Englué sur mon siège de bureau, comme une mouette mazoutée un jour de marée noire, je reste là à compter mes petites défaites. Immobile quand il faudrait bouger. Tétanisé à l’idée du départ. Vers où ? Pour quoi ? Paralysé, sur le quai de la gare, je regarde les trains qui passent et j’attends.
Le monde tourne mais je ne le vois pas. Je l’imagine. J’en perçois confusément les contours, les odeurs, les bruissements. Toutes ces choses que j’ai lues dans les livres. Et puis, il y a la musique, sans laquelle la vie ne mériterait pas qu’on s’y attarde.
Je ne connais pas l’Afrique. Je ne sais rien d’Alsarah. Je ne sais pas qui elle est, d’où elle vient, je ne comprends pas ses mots. Et pourtant, irrésistiblement, comme par un aimant, je suis attiré par sa musique. Tout seul dans mon coin, avec ma bande de ciel bleu, je découvre des endroits inconnus, des territoires disparus.
Originaire du Soudan, Alsarah est fortement marquée par la musique nubienne des années 60 et 70. Sa musique, qu’elle qualifie elle-même de “rétro-pop est-africaine”, est imprégnée par l’histoire de la Nubie. Dans les années 60, les Égyptiens lancent la construction du Haut Barrage d’Assouan pour contrôler le débit du Nil. Mais ces travaux sont aussi à l’origine de l’une des plus grandes catastrophes écologiques et sociologiques de l’Histoire. En  1970, la Nubie est engloutie par les eaux du fleuve et des centaines de milliers d’habitants sont chassés de leurs terres.

L’album est traversé par cette nostalgie d’une terre perdue, d’un chez-soi qui n’existe plus, par l’idée de ce retour impossible. C’est d’ailleurs autour d’une conversation sur les migrations entre Alsarah et le percussionniste Rami El Aasser que les Nubatons ont vu le jour.  Le concept de migration occupe une place centrale dans Silt tout comme la fusion musicale qui a eu lieu dans les années 70 à Khartoum et le mélange d’influences orientales et nord-africaines.
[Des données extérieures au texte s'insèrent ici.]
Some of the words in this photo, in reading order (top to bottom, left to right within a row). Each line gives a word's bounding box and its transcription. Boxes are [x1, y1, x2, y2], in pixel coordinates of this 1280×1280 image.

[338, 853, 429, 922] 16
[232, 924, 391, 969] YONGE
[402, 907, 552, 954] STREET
Alsarah chante les déplacements, volontaires ou forcés, mais aussi l’espoir, la joie et l’amour qui perdurent malgré tout. Si la nostalgie est vivace, elle ne se mue pas en auto-apitoiement. La vie continue.
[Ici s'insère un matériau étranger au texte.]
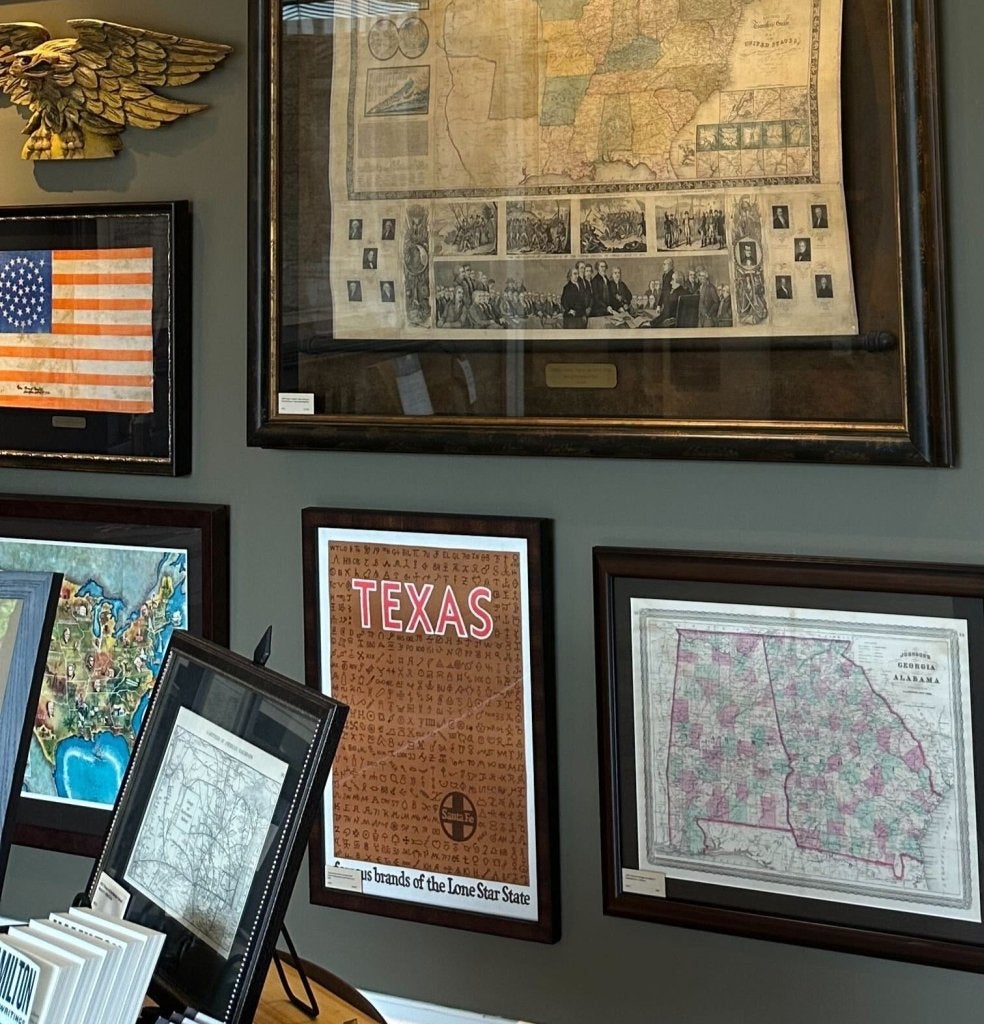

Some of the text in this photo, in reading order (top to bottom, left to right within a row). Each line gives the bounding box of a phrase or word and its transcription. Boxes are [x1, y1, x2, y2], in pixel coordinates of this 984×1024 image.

[351, 578, 494, 640] TEXAS
[893, 674, 940, 684] ALABAMA
[897, 662, 936, 671] GEORGIA
[373, 866, 411, 888] brands
[413, 875, 425, 890] of
[427, 877, 445, 894] the
[448, 877, 475, 898] Lone
[477, 881, 500, 901] Star
[502, 886, 530, 906] State
Pour nous, pour moi, petits occidentaux, le cul posé sur nos richesses et qui, pourtant, passons le plus clair de notre temps à nous plaindre, la musique d’Alsarah & The Nubatones, outre le fait qu’elle nous emmène ailleurs, loin de nos petites contrariétés, est aussi pleine de leçons à méditer. Alors, c’est promis, ami lecteur, je poursuis ma musicothérapie et j’arrête de marronner dans mon coin, avec ma bande de ciel bleu.